*** Supplied data

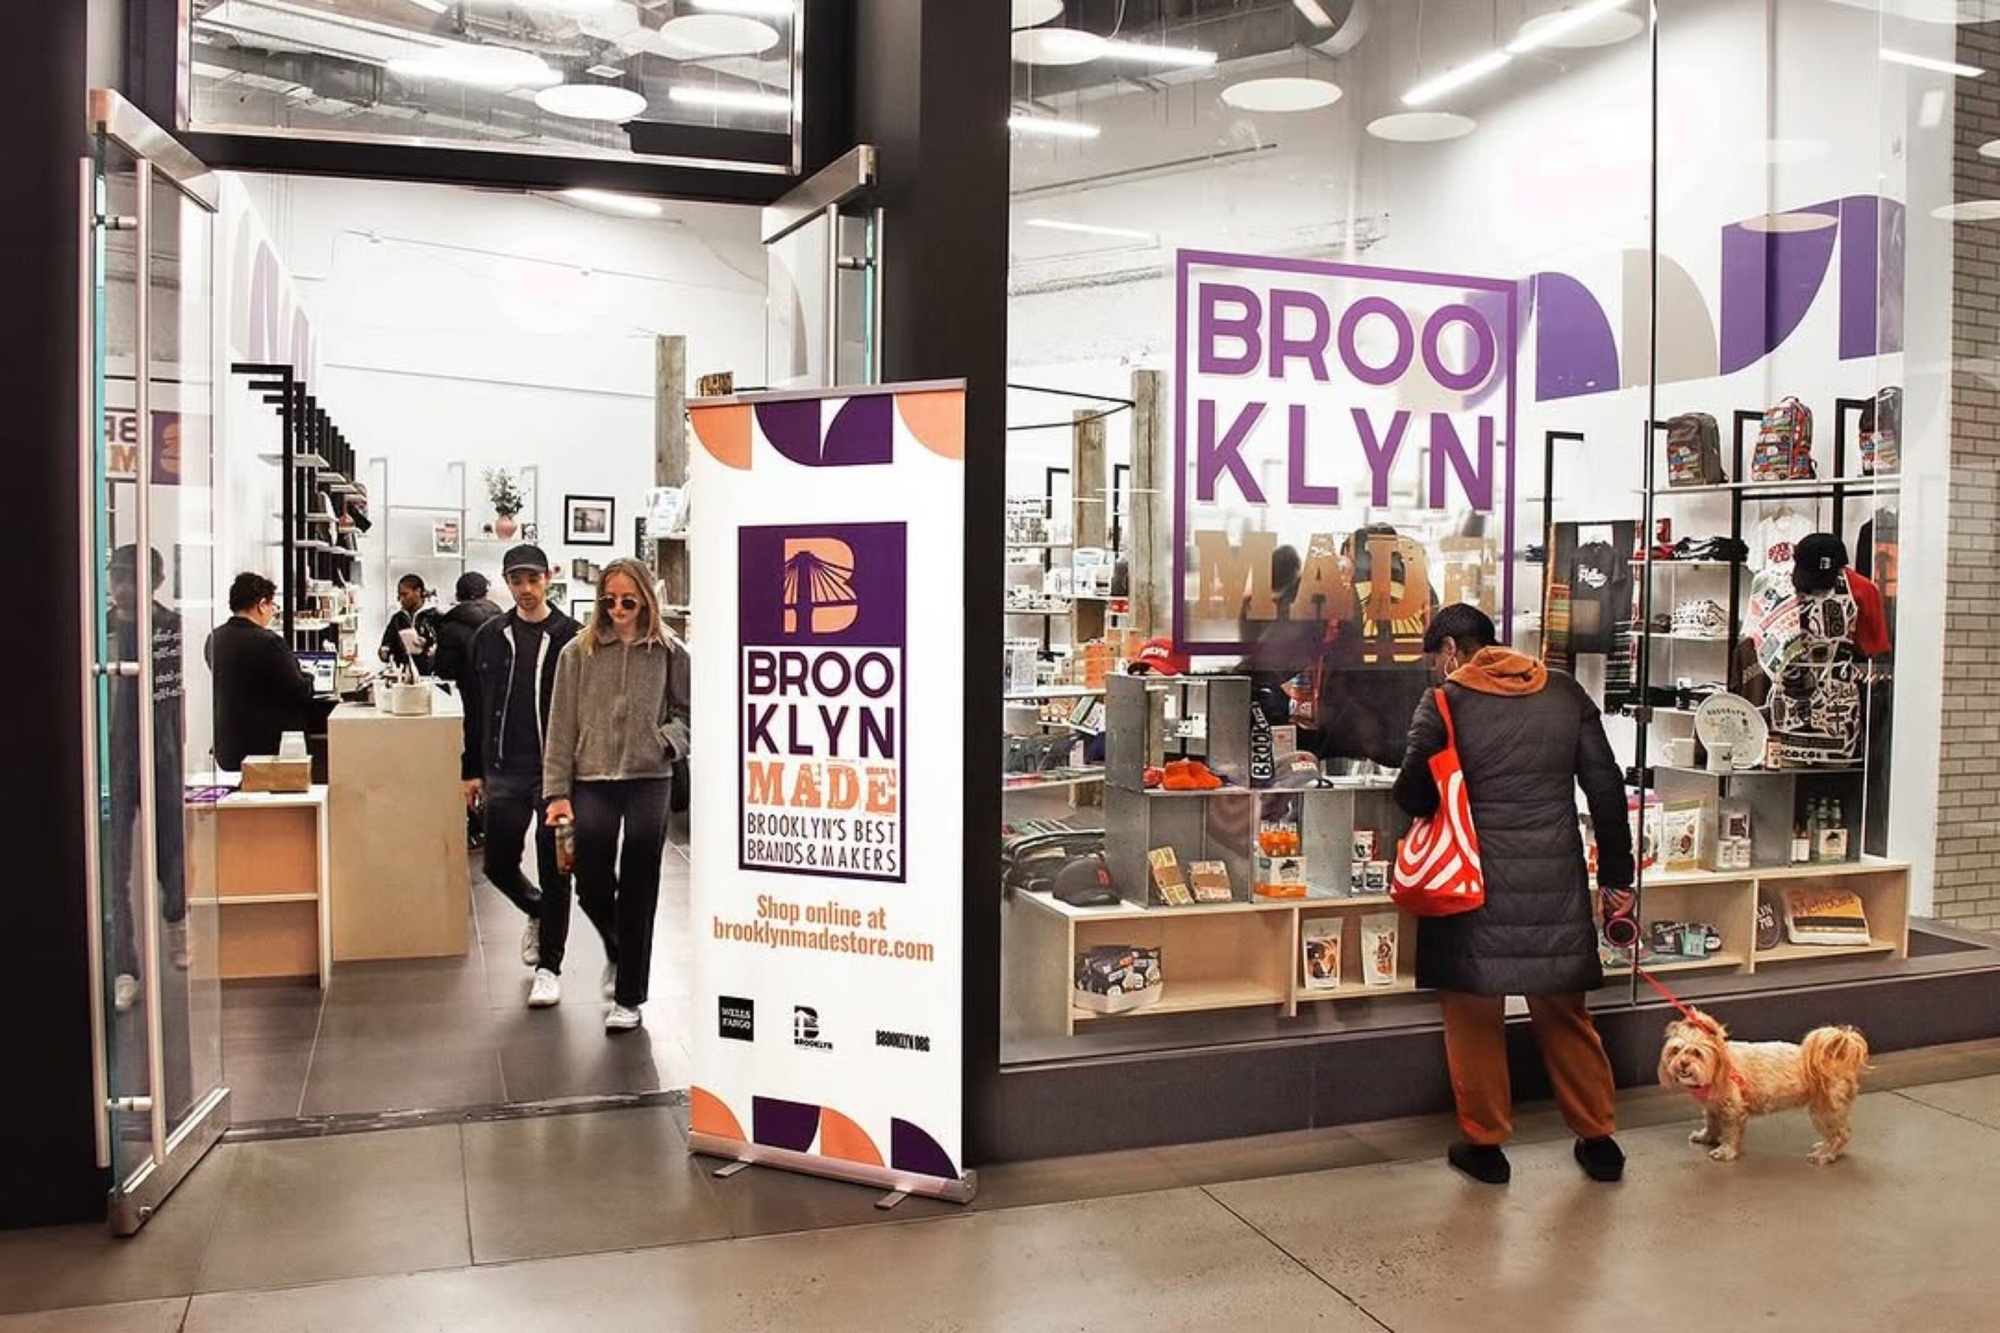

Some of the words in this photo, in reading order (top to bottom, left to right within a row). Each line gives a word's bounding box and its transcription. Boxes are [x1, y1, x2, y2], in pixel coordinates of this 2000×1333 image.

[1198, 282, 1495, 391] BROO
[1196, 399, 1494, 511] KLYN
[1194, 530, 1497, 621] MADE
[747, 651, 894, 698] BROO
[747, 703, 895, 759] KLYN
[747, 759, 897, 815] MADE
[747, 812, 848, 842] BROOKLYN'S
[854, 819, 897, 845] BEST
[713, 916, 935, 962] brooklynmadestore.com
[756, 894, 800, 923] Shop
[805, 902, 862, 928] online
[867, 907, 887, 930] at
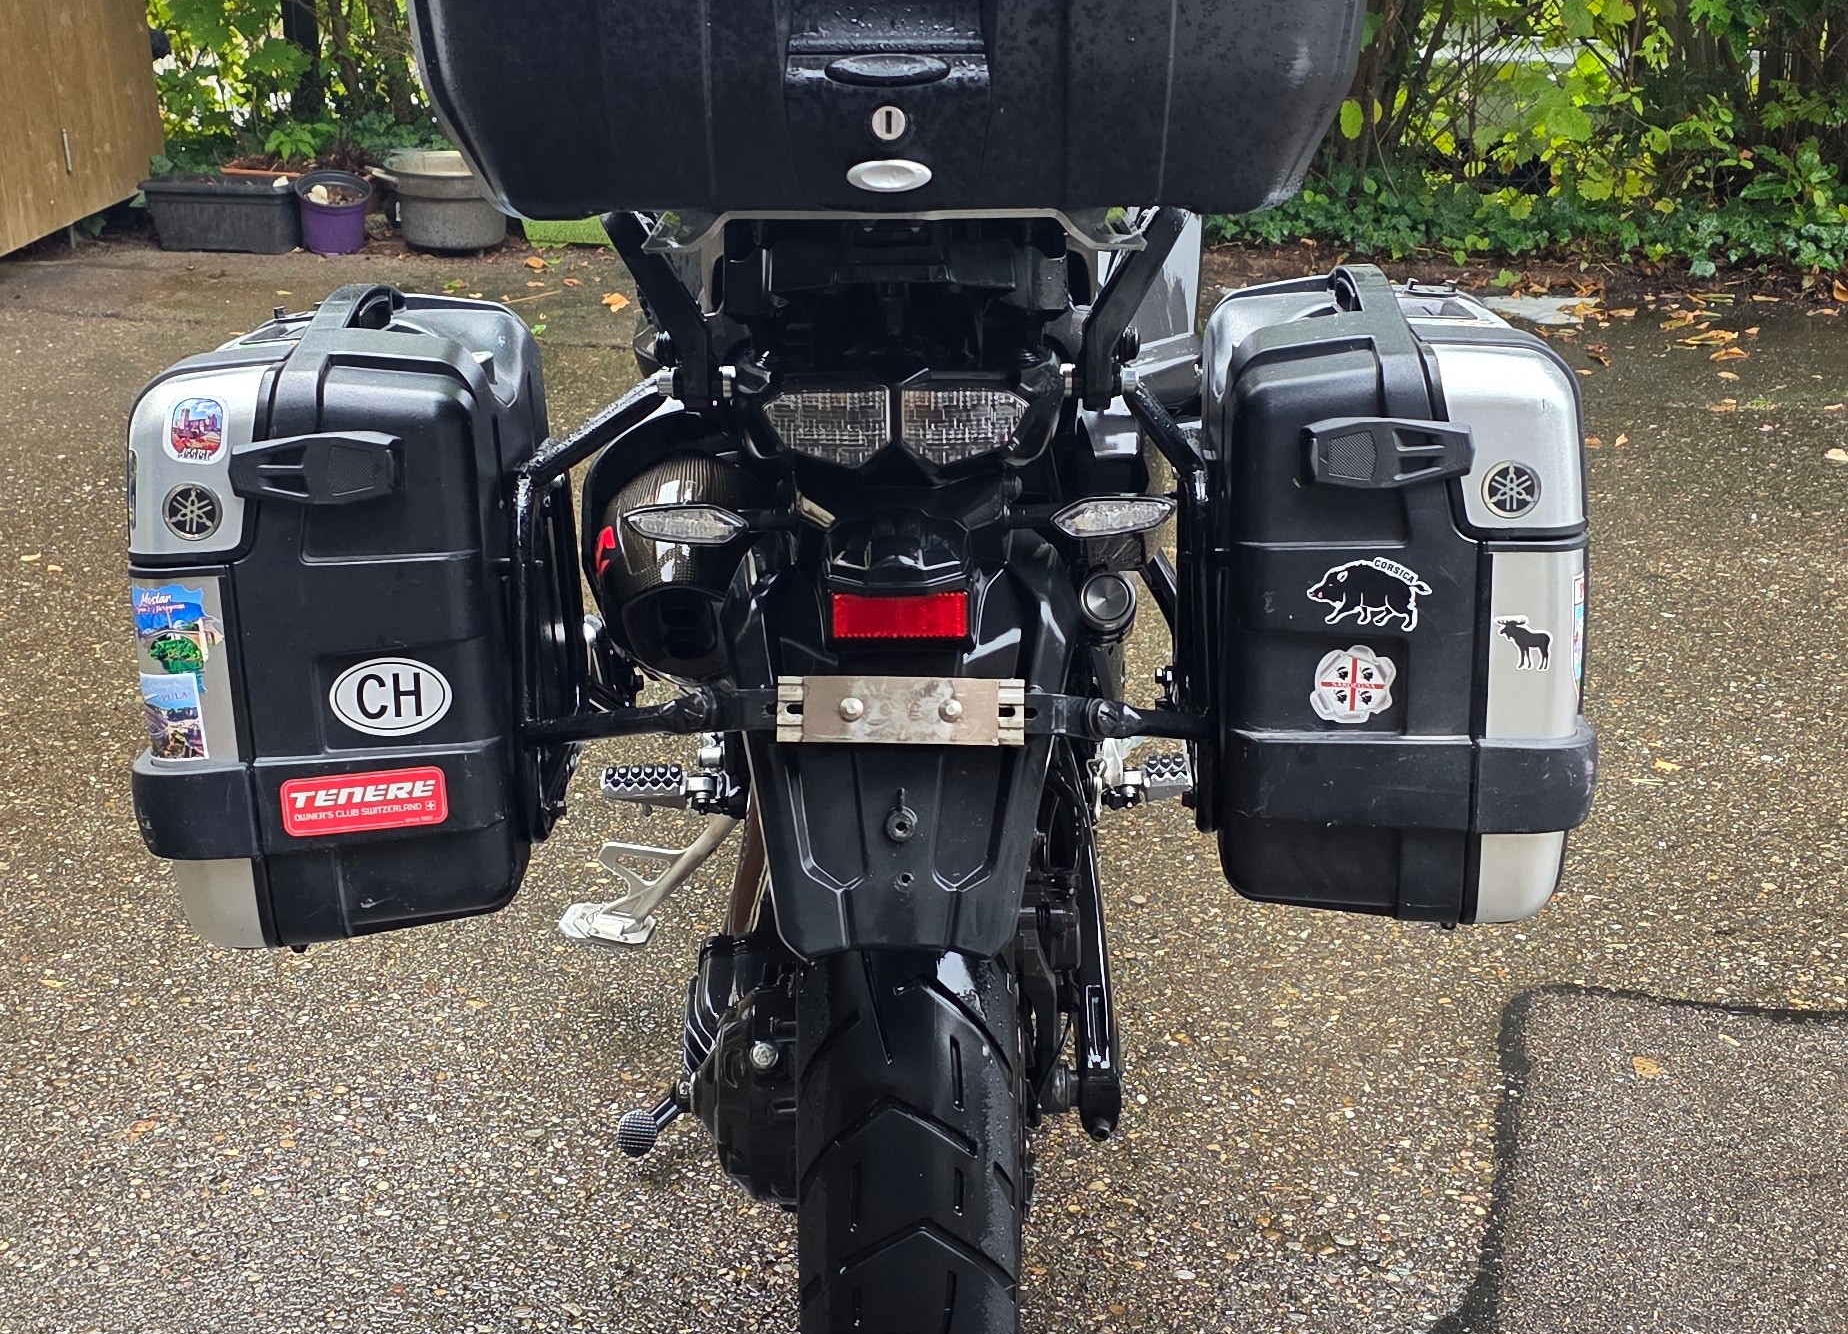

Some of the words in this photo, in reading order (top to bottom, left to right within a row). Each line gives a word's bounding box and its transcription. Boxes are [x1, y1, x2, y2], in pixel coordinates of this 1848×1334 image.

******

** What the task requires **
After removing each picture, print the entries above exactly as they were.

** Expected output **
Some of the words in this photo, in reading order (top to bottom, left to right within a row). Each line gives a word's bounding box and its transcription. Boxes are [x1, y1, x2, y2], in pixel coordinates of this 2000×1333 image.

[1198, 282, 1495, 391] BROO
[1196, 399, 1494, 511] KLYN
[1194, 530, 1497, 621] MADE
[747, 651, 894, 698] BROO
[747, 703, 895, 759] KLYN
[747, 759, 897, 815] MADE
[747, 812, 848, 842] BROOKLYN'S
[854, 819, 897, 845] BEST
[713, 916, 935, 962] brooklynmadestore.com
[756, 894, 800, 923] Shop
[805, 902, 862, 928] online
[867, 907, 887, 930] at

Some of the words in this photo, in reading order (top to bottom, left to right within a row). Each line gives a word's bounding box and its transcription. Boxes are [x1, y1, x2, y2], in pixel coordinates of this 1848×1334 image.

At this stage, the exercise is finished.